KKR & Co. L.P. Unit (NYSE:KKR) has announced that it will be converting from a partnership to a corporation so as to take advantage of the tax reforms being initiated by the Trump administration. The move is aimed at winning more ETF investors and mutual funds for the company.
In a statement, the company said that the new structure will be launched on July 1. The company said on Thursday while announcing its first quarter financial results. The company has announced that it hopes to pay 50 cents per common share as annualized dividend in the third quarter and has since increased its share buyback program to $500 million. Following the announcement, KKR shares rose 8.3%, the highest since June last year.

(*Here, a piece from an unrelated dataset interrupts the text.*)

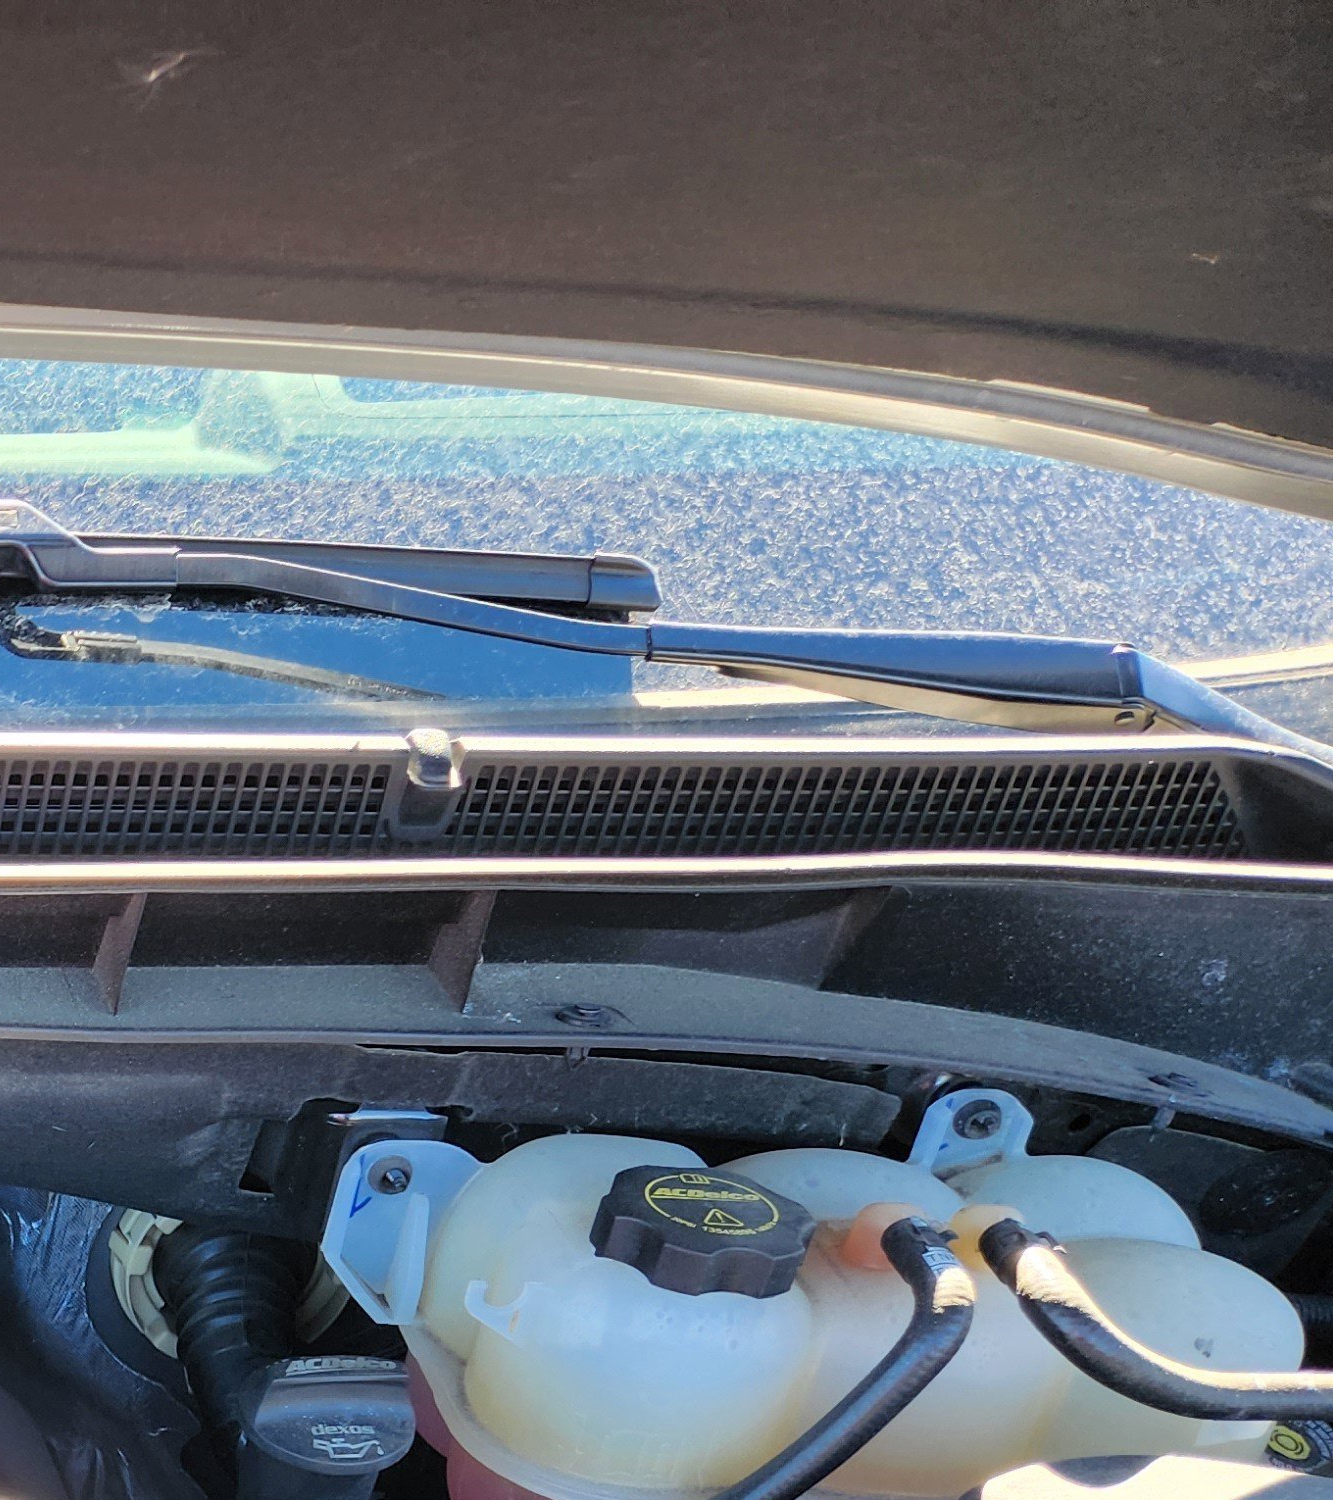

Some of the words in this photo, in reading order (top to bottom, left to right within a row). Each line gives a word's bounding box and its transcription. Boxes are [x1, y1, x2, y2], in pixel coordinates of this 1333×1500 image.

[652, 1187, 761, 1201] ACDelco
[286, 1357, 397, 1372] ACDelco
[311, 1424, 376, 1436] dexos
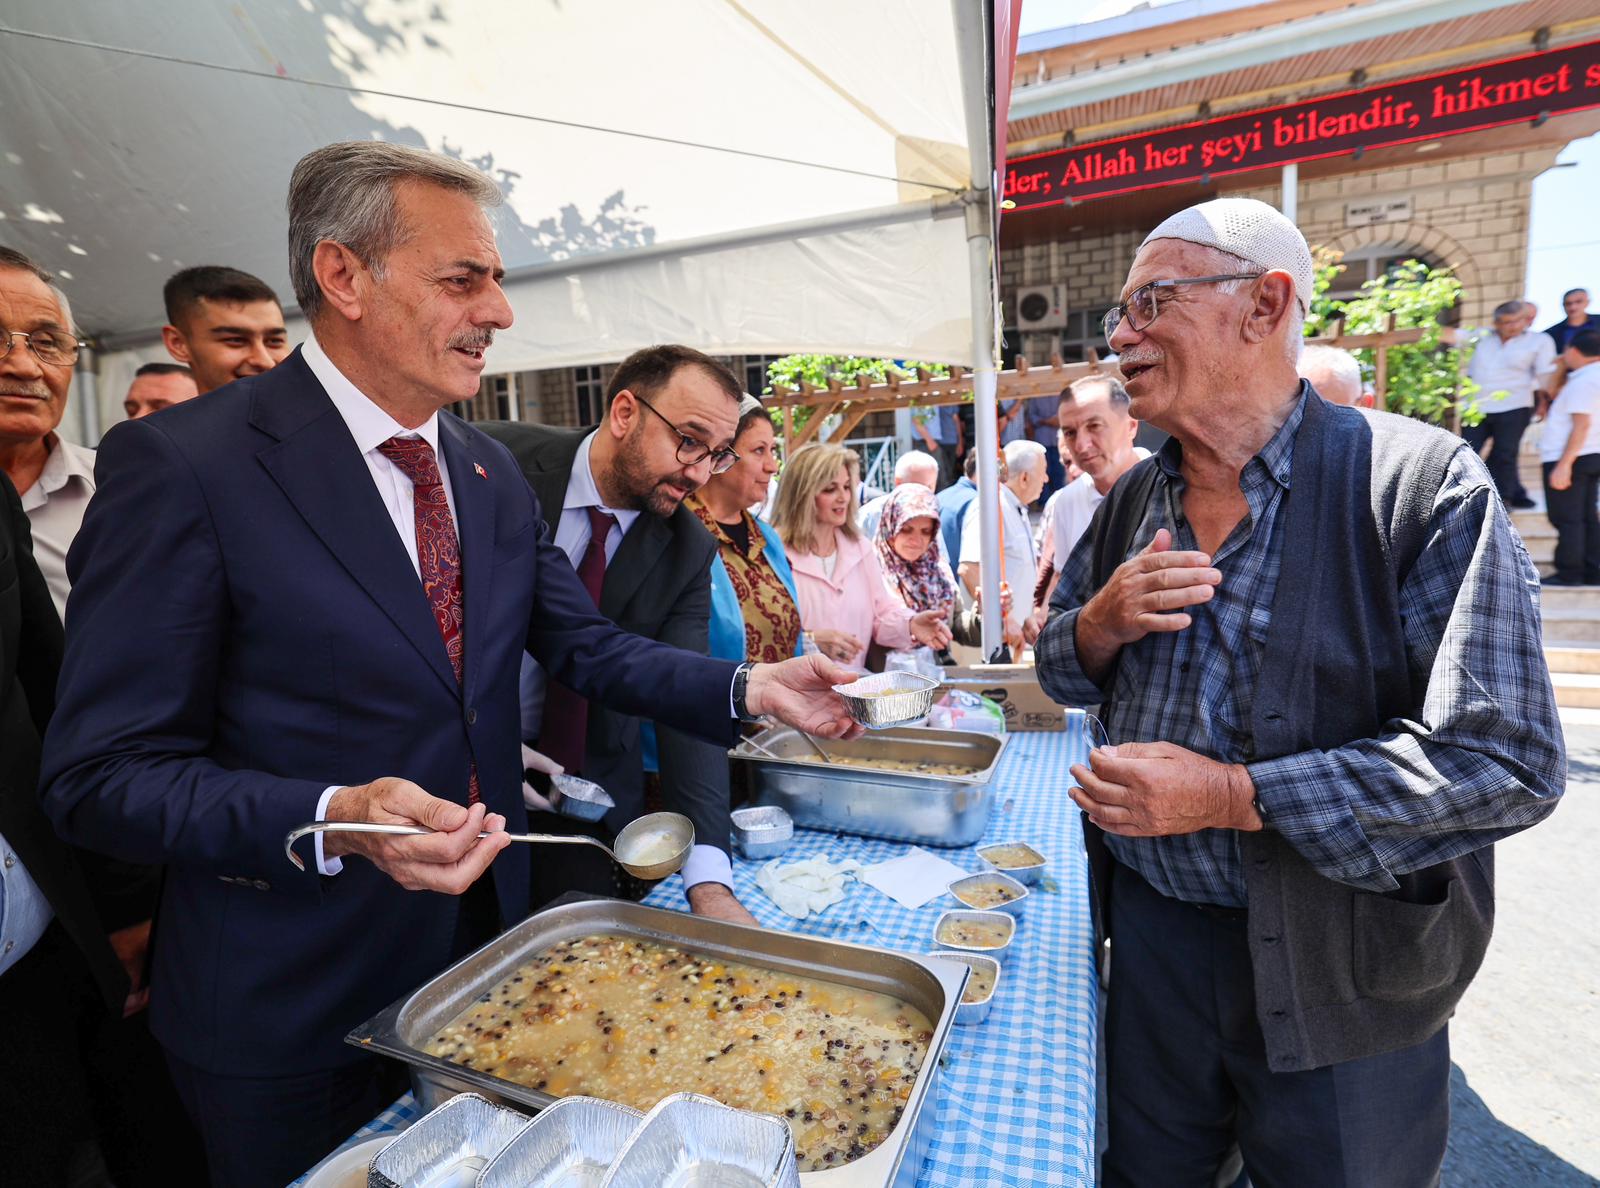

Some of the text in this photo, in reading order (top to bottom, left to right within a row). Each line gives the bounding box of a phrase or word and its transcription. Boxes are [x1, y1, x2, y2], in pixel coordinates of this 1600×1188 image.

The new tax law reduced the corporate rate from 35% to 21% causing managers of private equities to consider the option of becoming regular corporations, referred to as C-corp. the shift allows the company to be added to indexes, a move that could help boost mutual fund ownership and stock valuations. Additionally, it makes the process of financial reporting more transparent.
In a statement, KKR co-founders and leaders George Roberts and Henry Kravis said that the company’s move is aimed at broadening its investor base, make its structures simpler and make the process of investing in its shares very easy.
Last quarter, Ares Management announced that it would shift as of March 1. It is the first U.S asset manager to convert. According to Paul Gulberg, an Intelligence analyst at Bloomberg, alternative asset companies, which earn much of their revenue from management fee, will have more reasons to shift.
Some of the incentives that KKR is counting on is the ease of accessing capital markets as well as the ability to use as “attractive currency” for acquisitions and mergers. The company noted being a privately traded partnership limits its institutional ownership hence making it unqualified for ETFs and index funds.
According to Andrew Disdier, a Sandler O’Neill analyst, converting to a C-corp will make the company increase its investor base by nearly seven times.
The company in the first quarter was largely hit by the effects of global stock market volatility. It experienced a drop in performance fee from $329.7 million to$61.3 million.